■ **WHAT TO PRODUCE**
Where a picture appears, omit it; repeat everything else in the records exactly.

■ **MATERIALS PROVIDED**
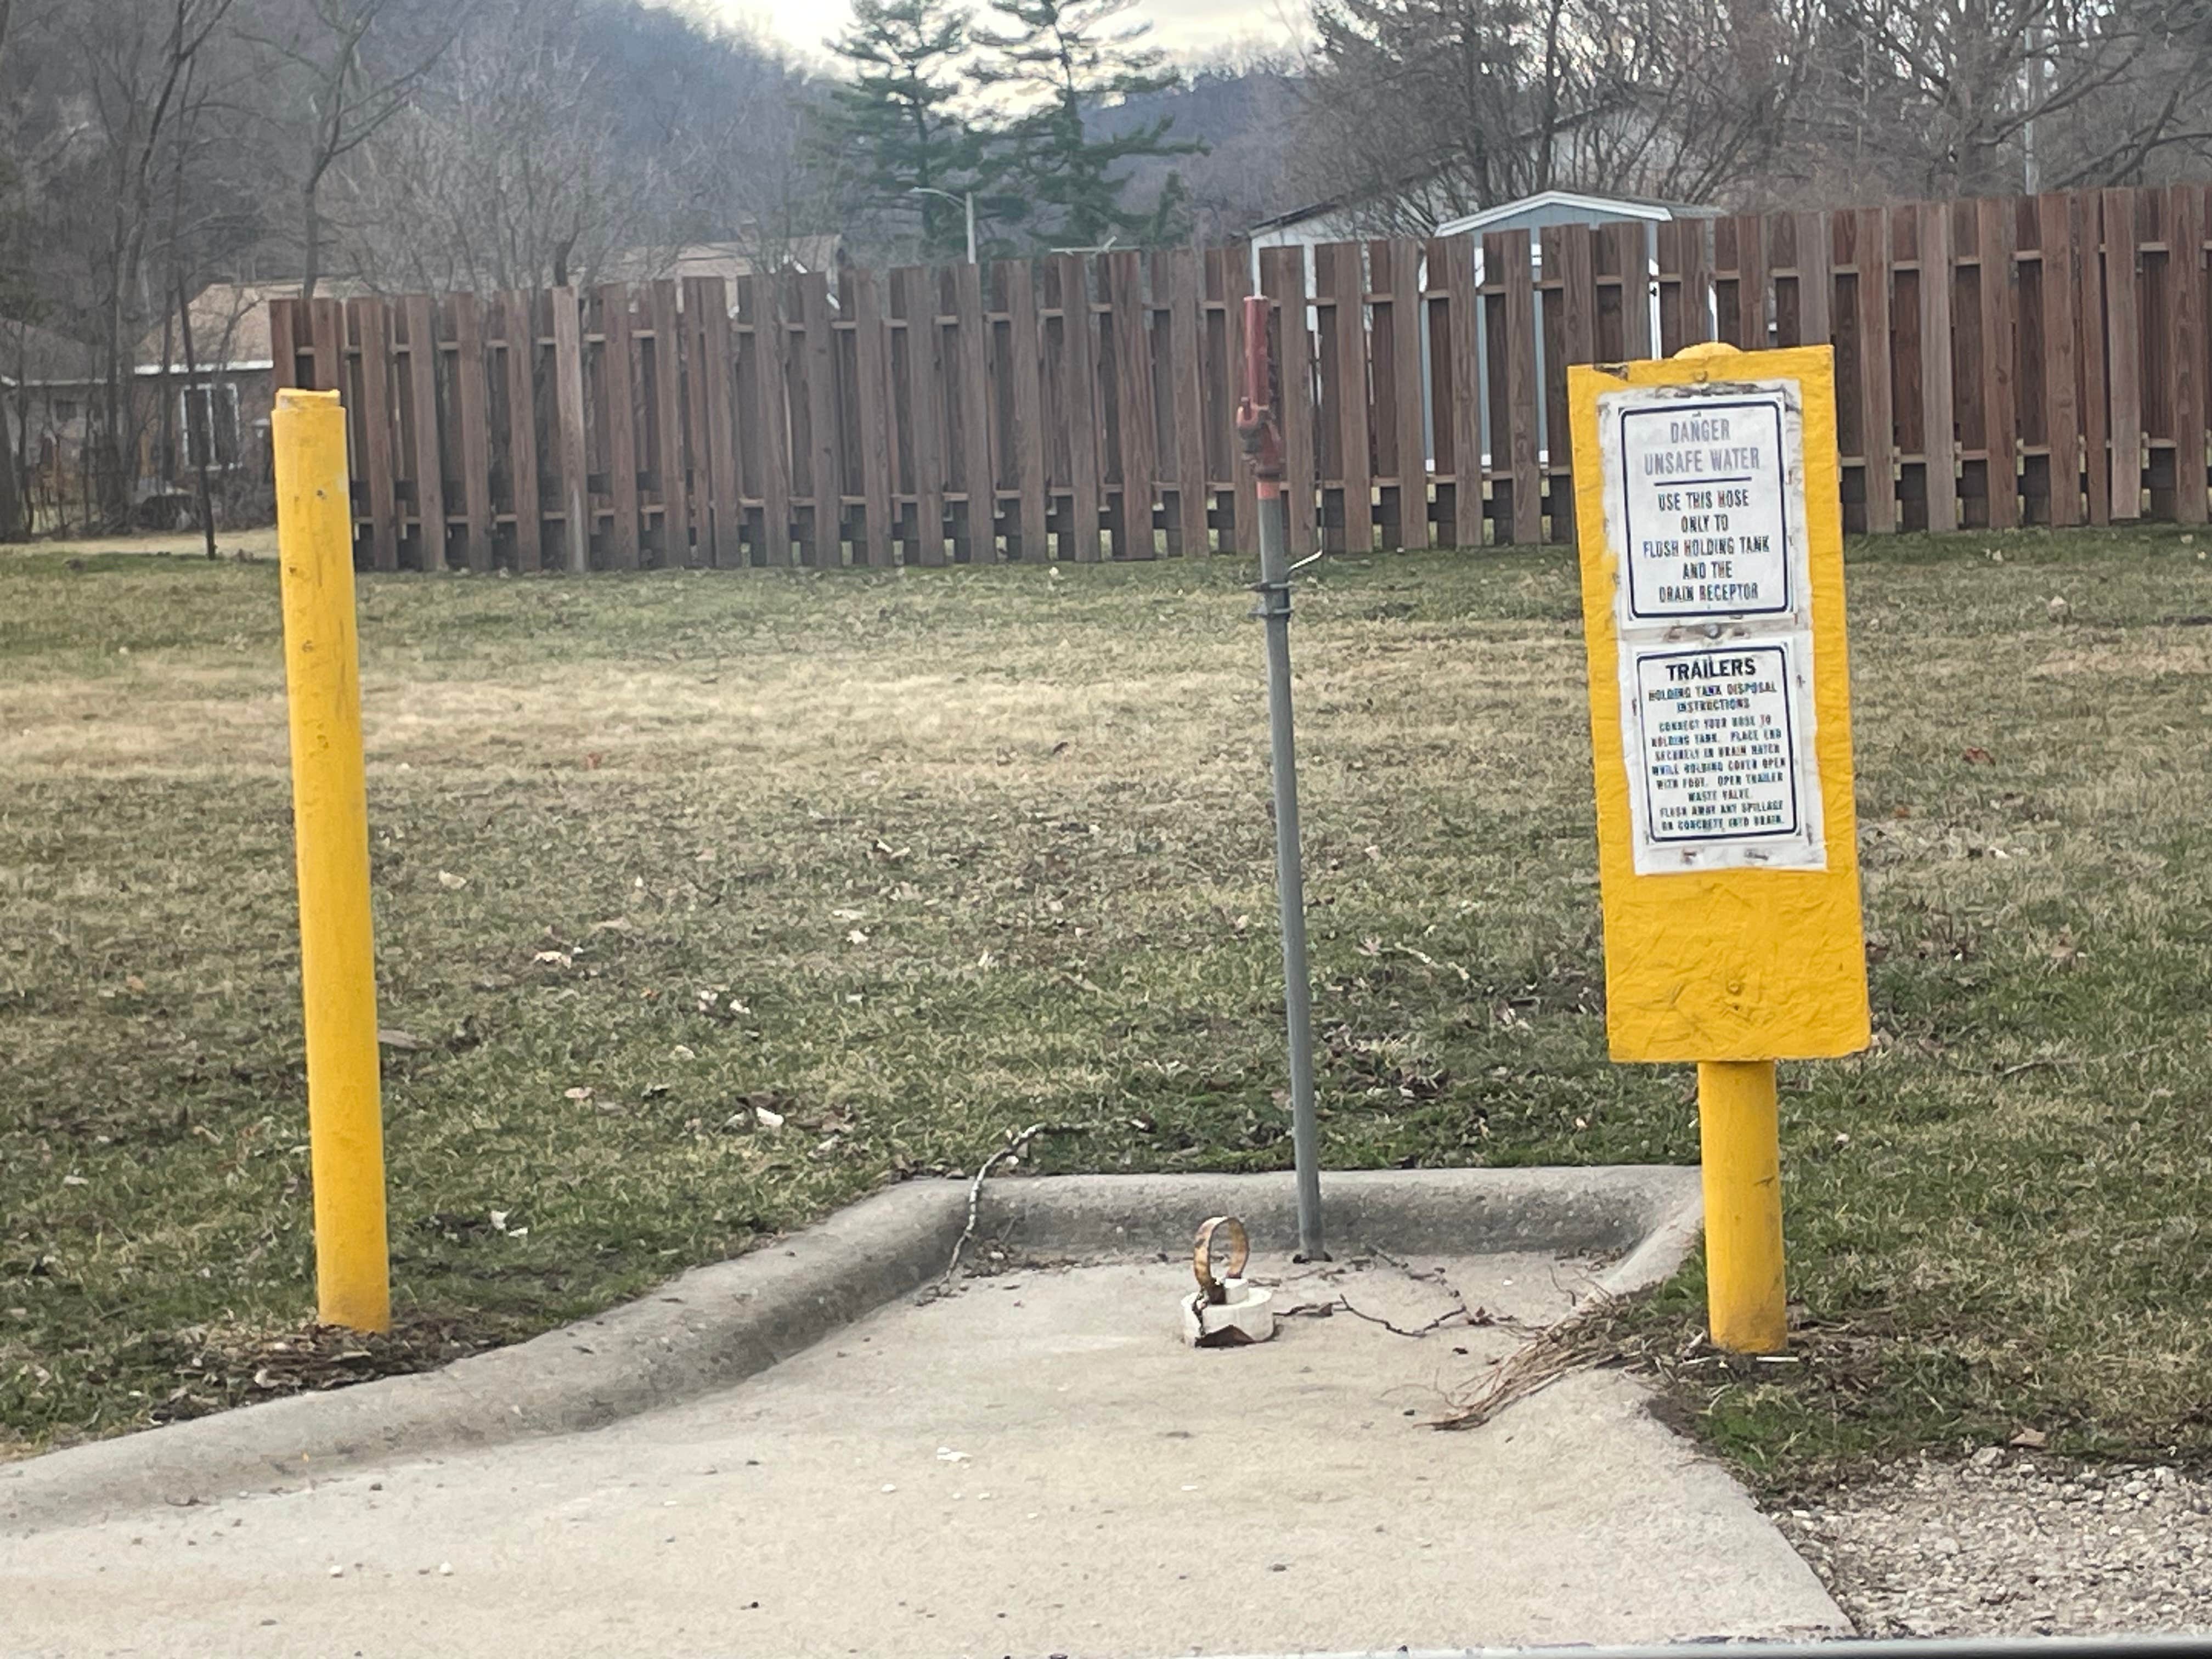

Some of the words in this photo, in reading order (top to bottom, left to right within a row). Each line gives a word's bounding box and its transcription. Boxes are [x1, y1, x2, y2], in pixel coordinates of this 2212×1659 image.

[1671, 419, 1730, 443] DANGER
[1645, 450, 1703, 476] UNSAFE
[1711, 447, 1759, 471] WATER
[1658, 493, 1681, 511] USE
[1686, 492, 1712, 509] THIS
[1718, 489, 1750, 507] HOSE
[1681, 515, 1709, 533] ONLY
[1714, 514, 1729, 531] TO
[1643, 540, 1679, 558] FLUSH
[1684, 538, 1734, 557] HOLDING
[1740, 535, 1770, 552] TANK
[1683, 562, 1706, 580] AND
[1711, 561, 1733, 578] THE
[1660, 585, 1694, 604] DRAIN
[1699, 583, 1758, 601] RECEPTOR
[1666, 658, 1756, 681] TRAILERS
[1649, 686, 1691, 701] HOLDING
[1695, 685, 1722, 697] TANK
[1727, 681, 1776, 695] DISPOSAL
[1677, 697, 1750, 713] INSTRUCTIONS
[1659, 719, 1699, 732] CONNECT
[1704, 718, 1726, 729] YOUR
[1760, 714, 1771, 726] TO
[1651, 735, 1689, 747] HOLDING
[1731, 730, 1758, 741] PLACE
[1764, 728, 1781, 739] END
[1684, 761, 1723, 773] HOLDING
[1763, 757, 1785, 768] OPEN
[1657, 779, 1678, 789] WITH
[1718, 775, 1741, 786] OPEN
[1746, 772, 1782, 783] TRAILER
[1688, 791, 1717, 802] WASTE
[1660, 806, 1686, 817] FLUSH
[1721, 803, 1736, 812] ANY
[1742, 800, 1783, 812] SPILLAGE
[1678, 819, 1723, 831] CONCRETE

■ **SOLUTION FOR THIS TASK**
Some of the words in this photo, in reading order (top to bottom, left to right within a row). Each line gives a word's bounding box and its transcription. Boxes are [x1, y1, x2, y2], in pixel coordinates of this 2212×1659 image.

[1671, 419, 1730, 443] DANGER
[1645, 450, 1703, 476] UNSAFE
[1711, 447, 1759, 471] WATER
[1658, 493, 1681, 511] USE
[1686, 492, 1712, 509] THIS
[1718, 489, 1750, 507] HOSE
[1681, 515, 1709, 533] ONLY
[1714, 514, 1729, 531] TO
[1643, 540, 1679, 558] FLUSH
[1684, 538, 1734, 557] HOLDING
[1740, 535, 1770, 552] TANK
[1683, 562, 1706, 580] AND
[1711, 561, 1733, 578] THE
[1660, 585, 1694, 604] DRAIN
[1699, 583, 1758, 601] RECEPTOR
[1666, 658, 1756, 681] TRAILERS
[1649, 686, 1691, 701] HOLDING
[1695, 685, 1722, 697] TANK
[1727, 681, 1776, 695] DISPOSAL
[1677, 697, 1750, 713] INSTRUCTIONS
[1659, 719, 1699, 732] CONNECT
[1704, 718, 1726, 729] YOUR
[1760, 714, 1771, 726] TO
[1651, 735, 1689, 747] HOLDING
[1731, 730, 1758, 741] PLACE
[1764, 728, 1781, 739] END
[1684, 761, 1723, 773] HOLDING
[1763, 757, 1785, 768] OPEN
[1657, 779, 1678, 789] WITH
[1718, 775, 1741, 786] OPEN
[1746, 772, 1782, 783] TRAILER
[1688, 791, 1717, 802] WASTE
[1660, 806, 1686, 817] FLUSH
[1721, 803, 1736, 812] ANY
[1742, 800, 1783, 812] SPILLAGE
[1678, 819, 1723, 831] CONCRETE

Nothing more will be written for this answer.